C’est que l’effectif limité à 50 élèves par classe est difficilement respecté. Par ailleurs, l’arrêté du gouverneur de la région de l’Ouest, suspendant l’organisation des funérailles et conditionnant l’organisation des autres célébrations festives à la présence de 50 personnes au maximum, est diversement respectée.

Des autorités traditionnelles à l’instar de SM Jean Rameau Sokoundjou, le chef Bamendjou, ont suspendu l’organisation de festivals dans leurs villages. « Le Chepan, festival biennal des arts et de la culture du groupement Bamendjou, est une occasion de purifier les fils du village, de les bénir et de prier pour leur prospérité et non pas de les exposer à la mort créée par le Covid-19, à la suite des rassemblements populaires.

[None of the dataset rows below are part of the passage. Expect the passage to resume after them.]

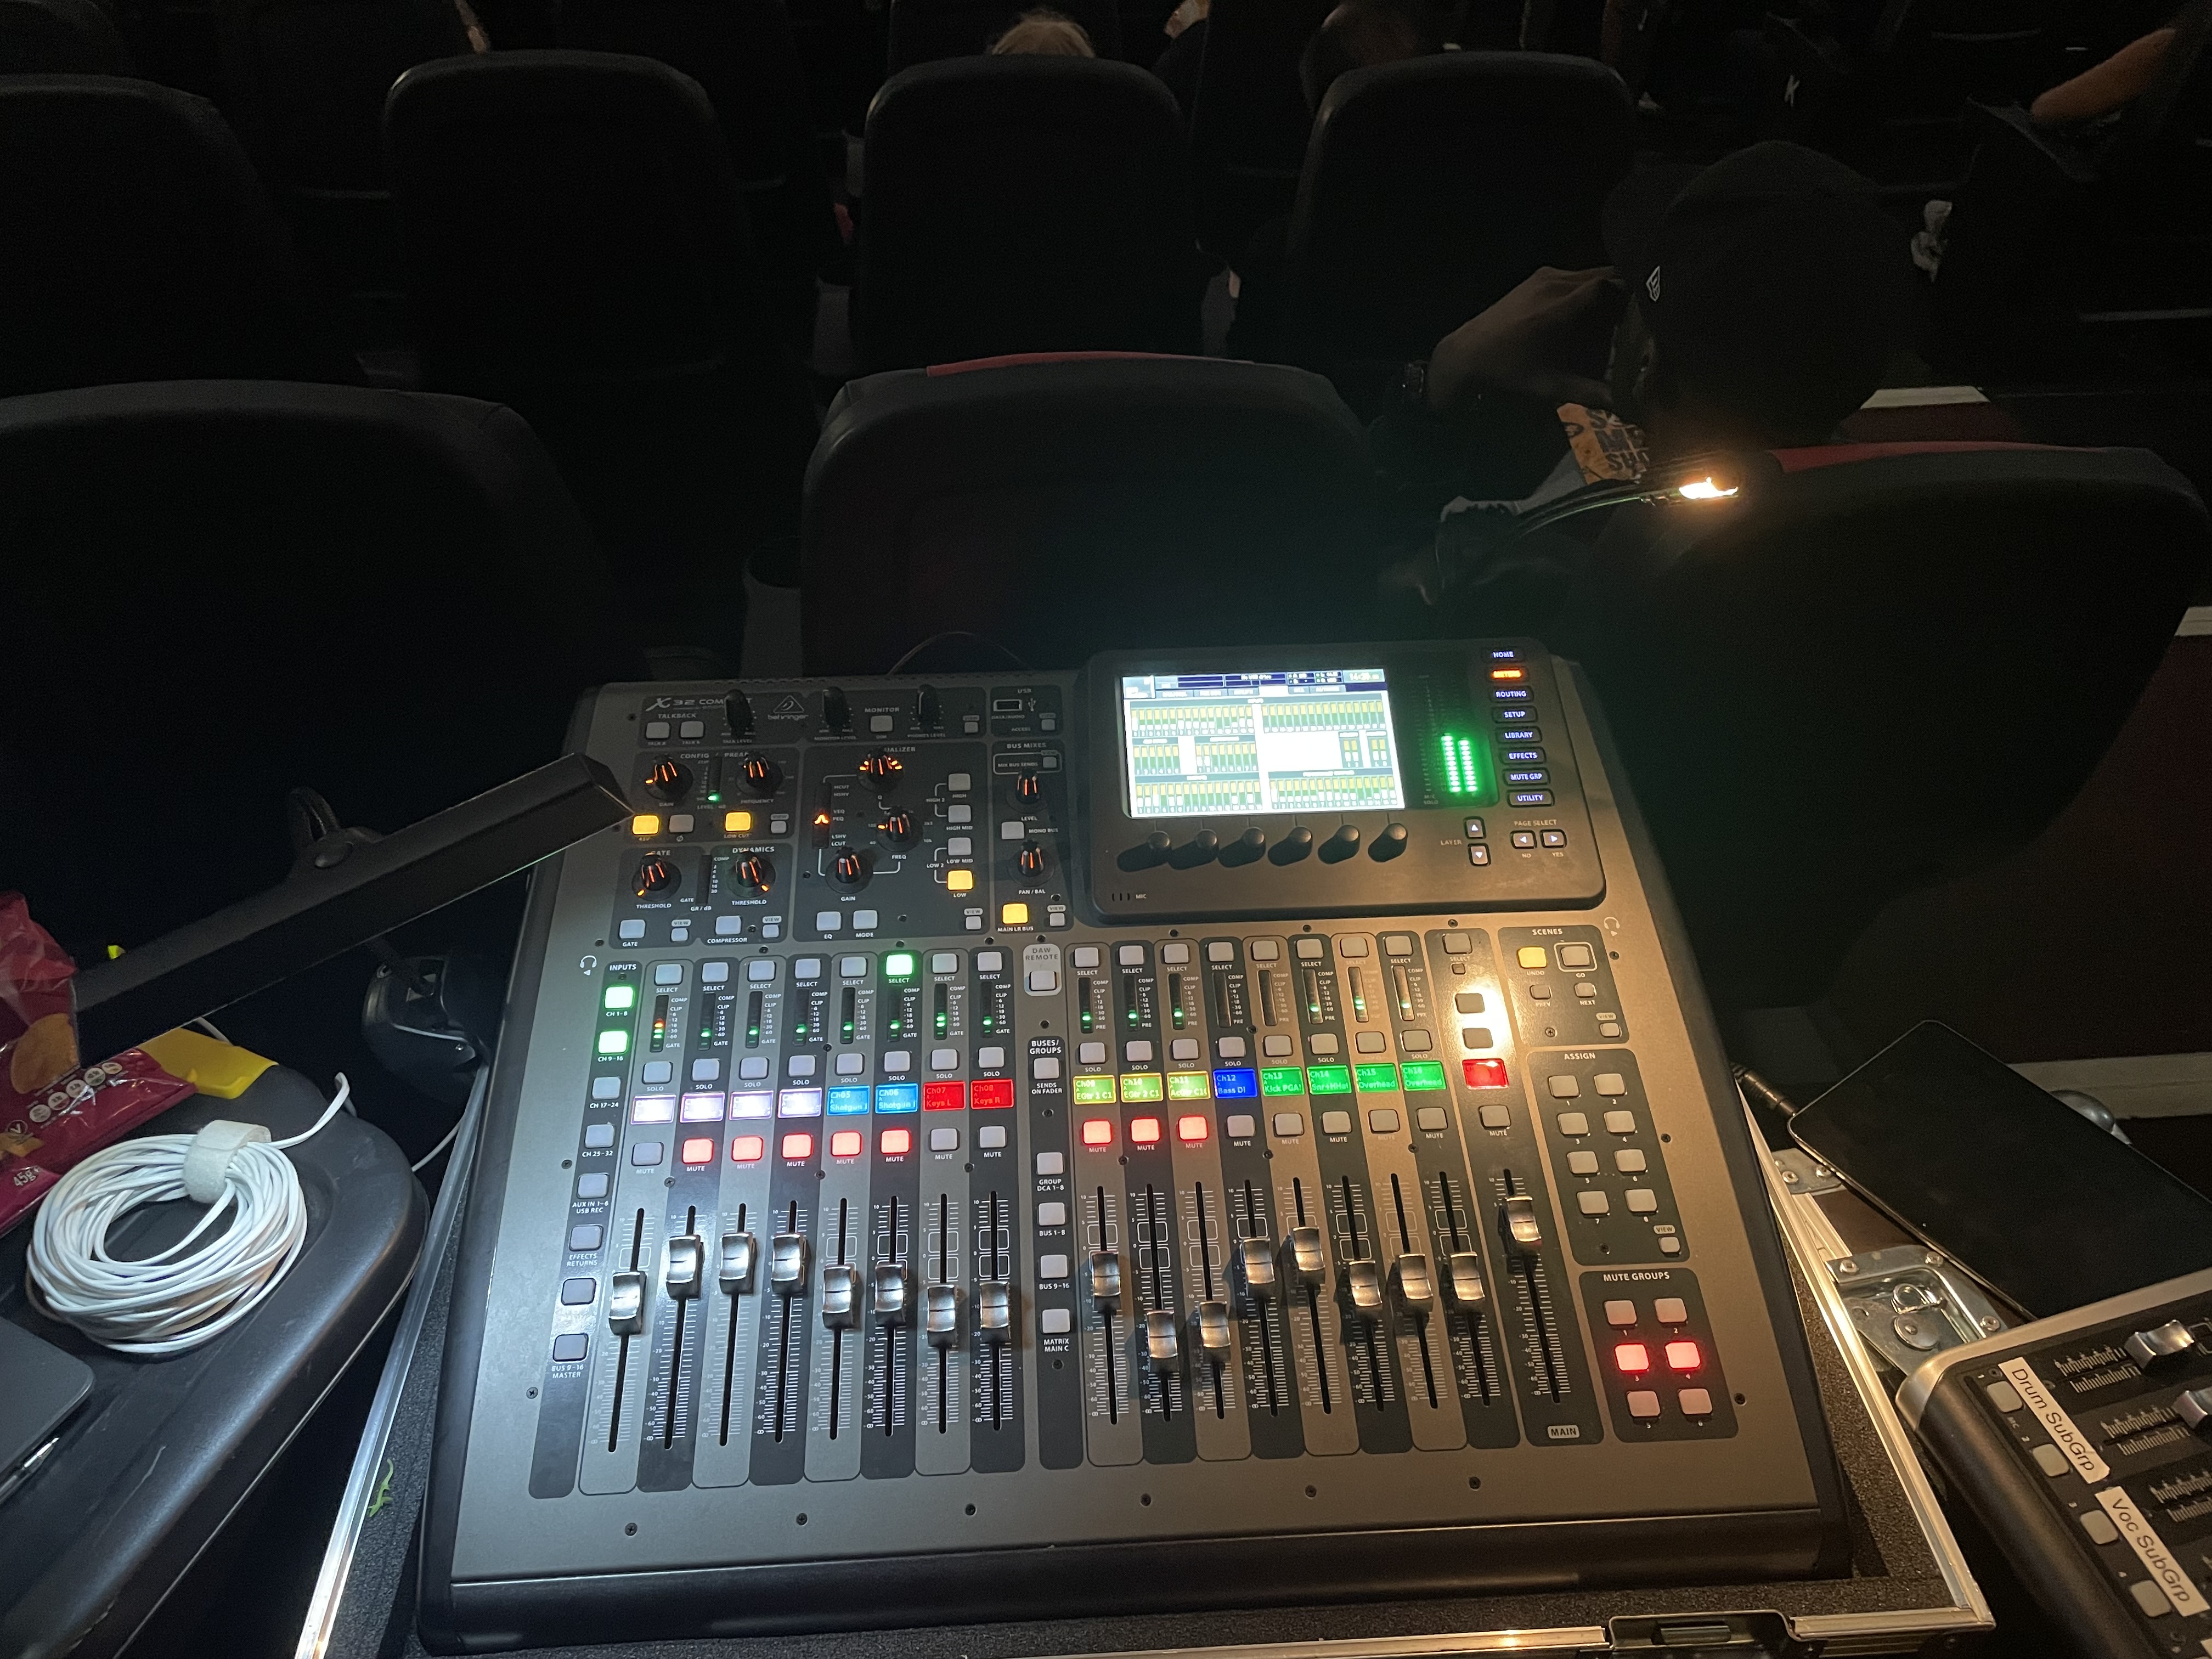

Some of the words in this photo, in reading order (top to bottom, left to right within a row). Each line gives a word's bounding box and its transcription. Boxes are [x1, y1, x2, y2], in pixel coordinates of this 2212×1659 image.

[1496, 690, 1527, 698] ROUTING
[1503, 710, 1525, 719] SETUP
[1029, 1047, 1062, 1055] GROUPS
[1564, 1052, 1596, 1060] ASSIGN
[1263, 1072, 1283, 1080] Ch13
[1310, 1070, 1329, 1079] Ch14
[1359, 1080, 1395, 1089] Overhead
[1405, 1078, 1442, 1087] Overhead
[926, 1087, 946, 1095] Ch07
[1264, 1084, 1281, 1093] Kick
[878, 1101, 911, 1110] Shotgun
[926, 1099, 945, 1108] Keys
[974, 1097, 993, 1106] Keys
[830, 1103, 862, 1112] Shotgun
[1603, 1273, 1630, 1282] MUTE
[1631, 1271, 1671, 1281] GROUPS
[2011, 1368, 2047, 1409] Drum
[2045, 1412, 2095, 1472] SubGrp
[1550, 1427, 1577, 1437] MAIN
[2112, 1498, 2140, 1533] Voc
[2136, 1533, 2191, 1603] SubGrp

Nous avons, dans la même lancée, demandé aux populations de renvoyer les funérailles programmées, jusqu’à ce que cette maladie s’en aille », explique le chef Bamedjou.

Contrairement à lui, d’autres chefs ont tenu à organiser des cérémonies traditionnelles festives en y incluant un volet rituel pour « chasser la pandémie sanitaire » loin de leurs contrées. SM Théodore Tchouankam, le chef Batié, a de son côté engagé une croisade pour inviter les fils de son groupement à se vacciner massivement afin de se protéger du coronavirus.